オペラシアターこんにゃく座は、その名の通りオペラ劇団です。
日本語のオペラ作品を作成し、全国の小中学校や高校で公演しています。

うち年に数回は一般公演を行っており、くらげは毎回観に行っています。

今回上演する作品は、2010年にシアタートラムで上演された作品の再演です。
今回は、シアタートラムの隣にある大きな劇場、パブリックシアターに場所を移し、新演出で上演されます。

感想

内容は、宮沢賢治の銀河鉄道の夜そのものですので省略します。

前回は舞台を囲むように三方向に客席があり、舞台を見下ろすような劇場でしたが、今回はふつうの劇場なので何だか遠くなってしまった印象です。

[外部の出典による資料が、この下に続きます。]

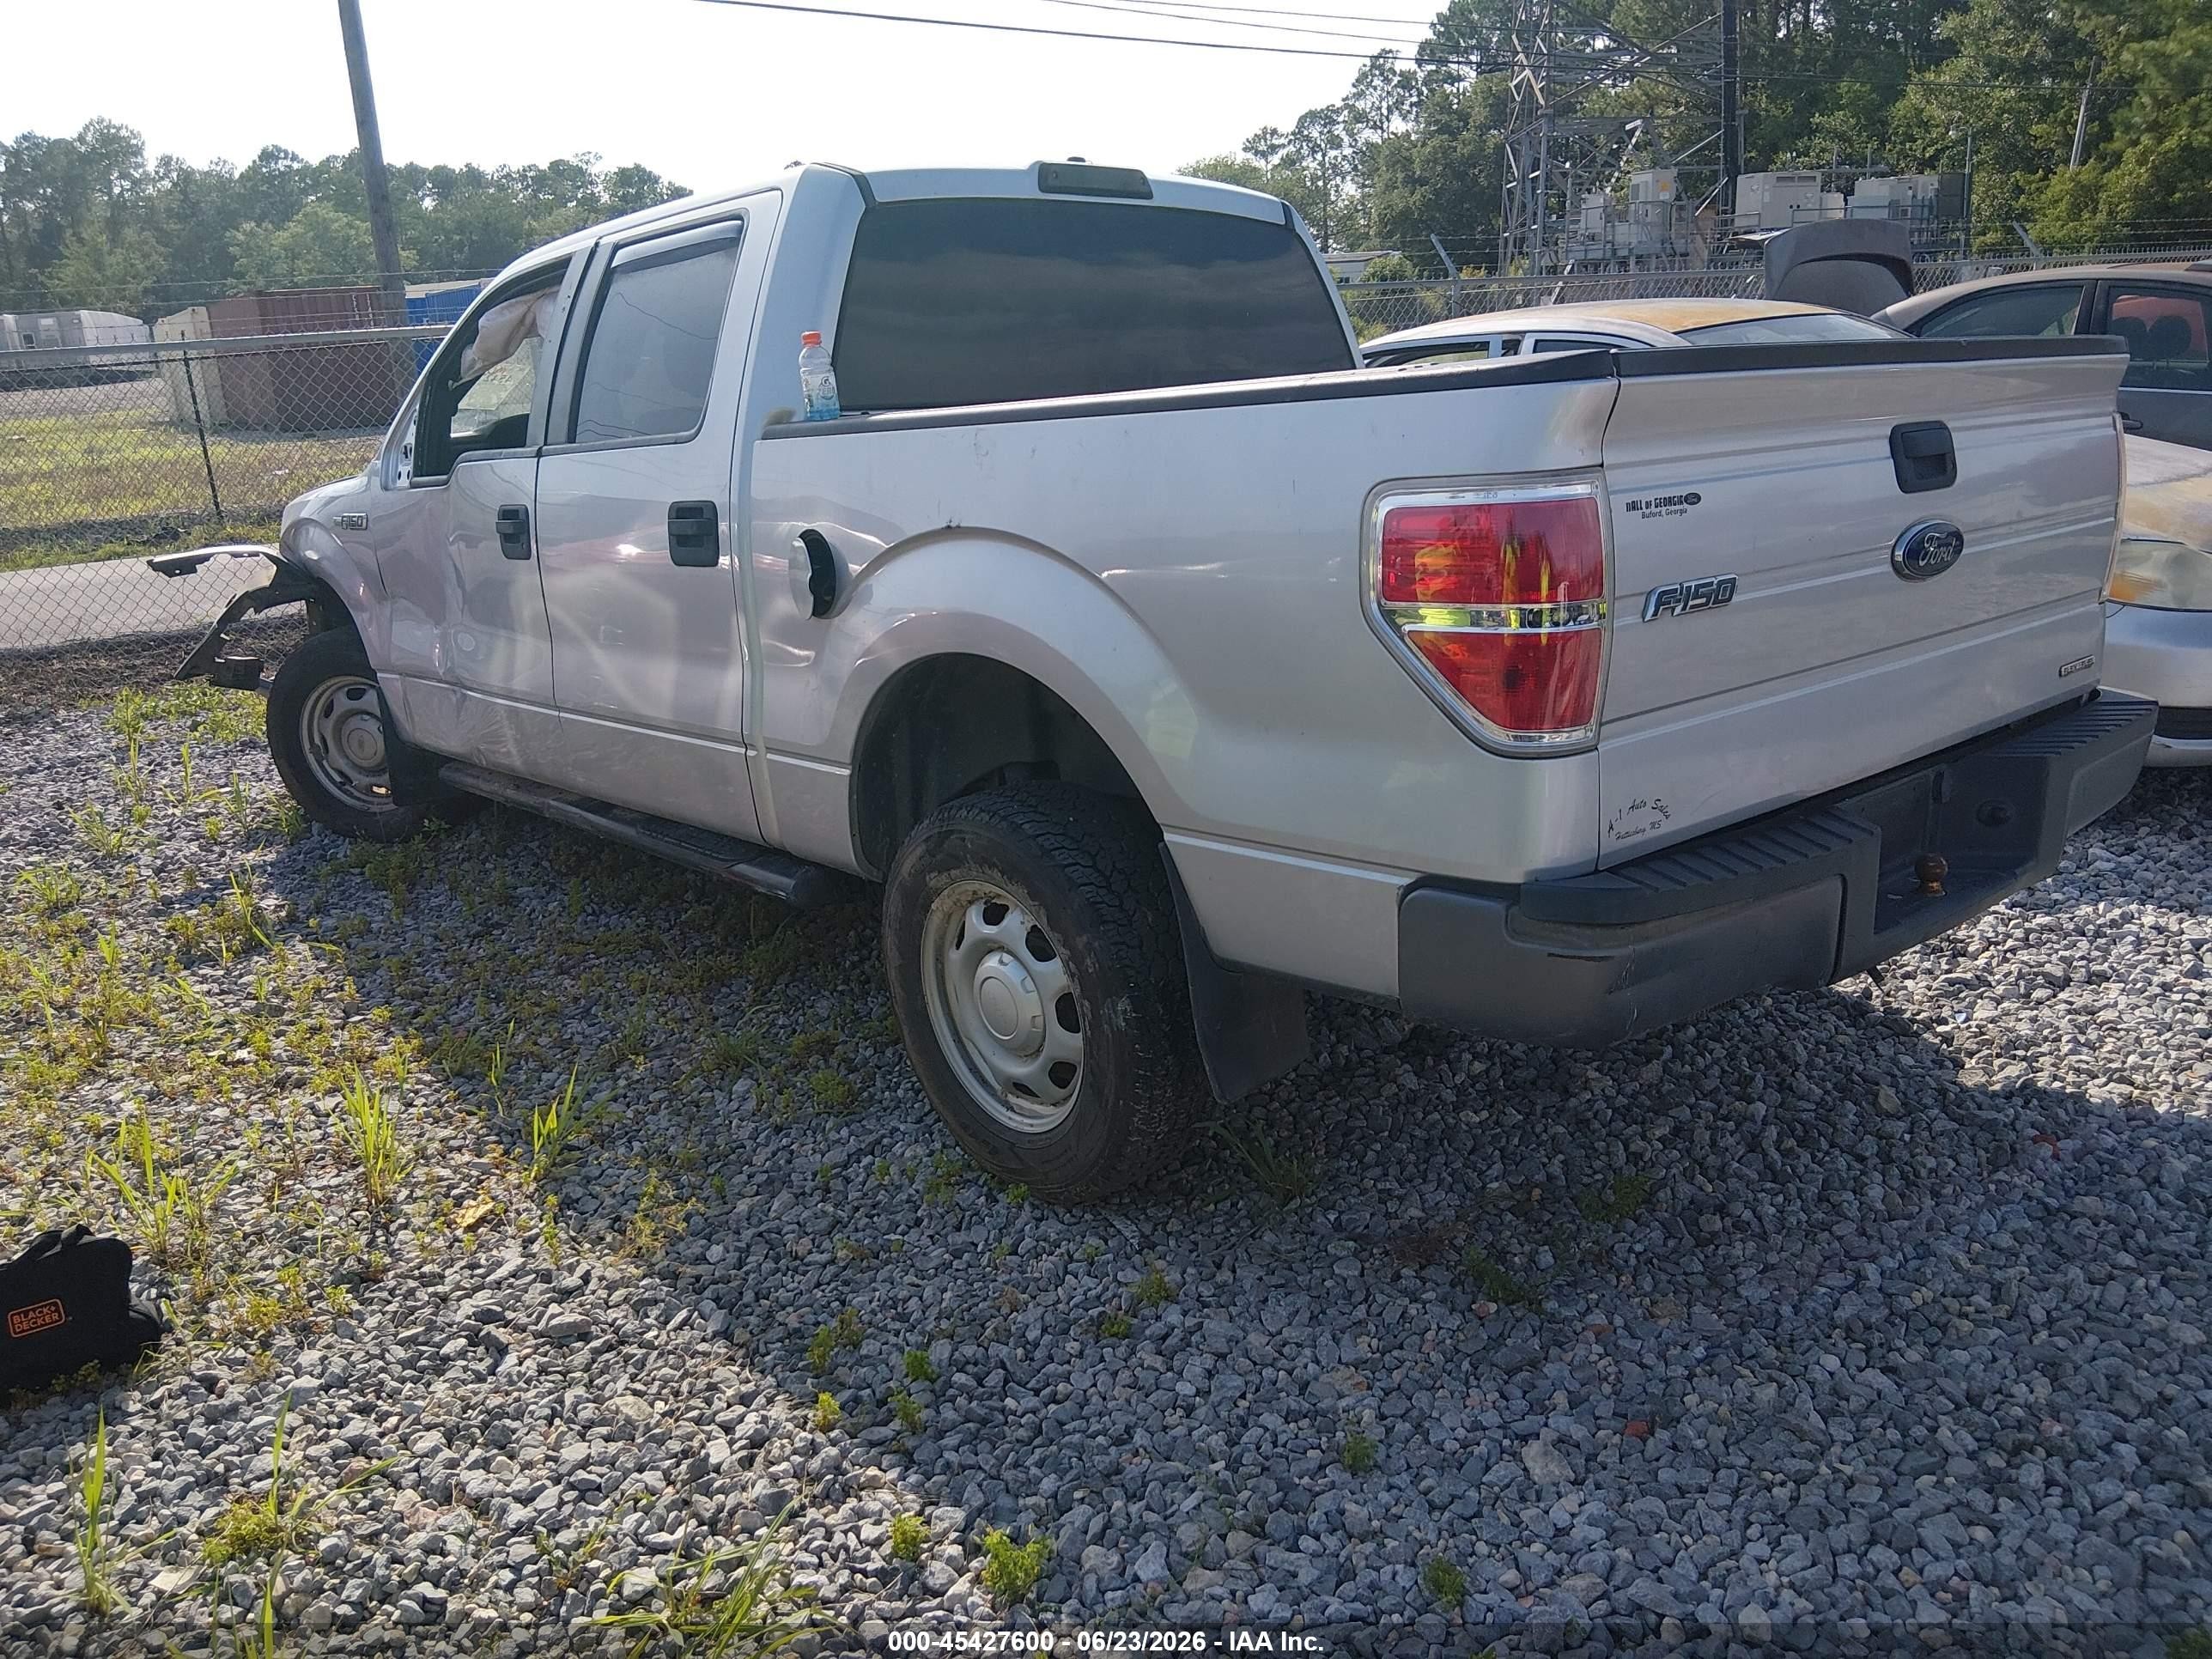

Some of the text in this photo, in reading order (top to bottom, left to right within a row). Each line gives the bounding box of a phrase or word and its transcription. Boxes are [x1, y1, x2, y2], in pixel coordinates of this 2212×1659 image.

[1644, 500, 1653, 510] OF
[1654, 495, 1684, 508] GEORGIA
[1641, 505, 1687, 520] Buford, Georgia
[1918, 532, 1956, 567] Ford
[1627, 798, 1647, 816] Auto
[15, 1312, 59, 1333] DECKER

セットは、教室にある木の机と椅子、そして舞台奥には大きな金属製の輪が吊られています。高さは、舞台開口部と同じくらい、幅は4間近くあります。
下手前には、楽隊が座ります。前回と同じピアノ、クラリネット、チェロの三重奏です。

ピアノとチェロ、クラリネットの三重奏が奏でる音色は、宮沢賢治の世界にとても調和します。

脚本は北村想さんなのですが、銀河鉄道の夜の世界が柔らかく滑らかに広がっていくような印象を受けます。
内容を知っているはずなのに、とても奥深いところまで描いていて、いちいちセリフにグッときます。

そして、セットも非常にシンプルなのですが、却って想像の幅が広がる印象を受けます。

木製の机は、机としてだけではなく時には運河への道だったり、駅の待合室の椅子になったりと柔軟に変化していきます。
大きな金属製の輪は、最初のうちは映像を映し出すスクリーンだったのが、銀河ステーションへのシーンになってからはまるで宇宙を表すようで、そしてあの世とこの世の境目でもあるような重要なセットに変化します。
この輪っかには、始終ゆらゆらと回転するように明かりが当たっていて、まるで星が地球を回っているかのように見えます。おそらく、ムービングライトか何かで袖から当てているのかも知れないのですが、とても印象的でした。

一番印象に残ったのは、「カンパネルラは『本当のこと』を探しに行った」というセリフです。
カンパネルラは、いつも「本当のこと」を探していました。だから、カンパネルラは死んだんじゃない。『本当のこと』を探しにいったんだということ。
だから、最期は「行っておいで、カンパネルラ」という言葉が歌詞に出てきます。

そこには、カンパネルラが死んだ悲しさではなく、まるで希望が詰まっているように感じます。
全員で歌っている最中に、死んだカンパネルラが『本当のこと』を探しに旅立つかのように、舞台奥から舞台前へと歩いてきたところで、舞台が暗くなり幕が閉じました。

オペラ作品として銀河鉄道の夜を観ると、本で読むのとはまた違った印象を受けます。
どこか切なさと寂しさが漂う、とても不思議な時間を旅したような気分になりました。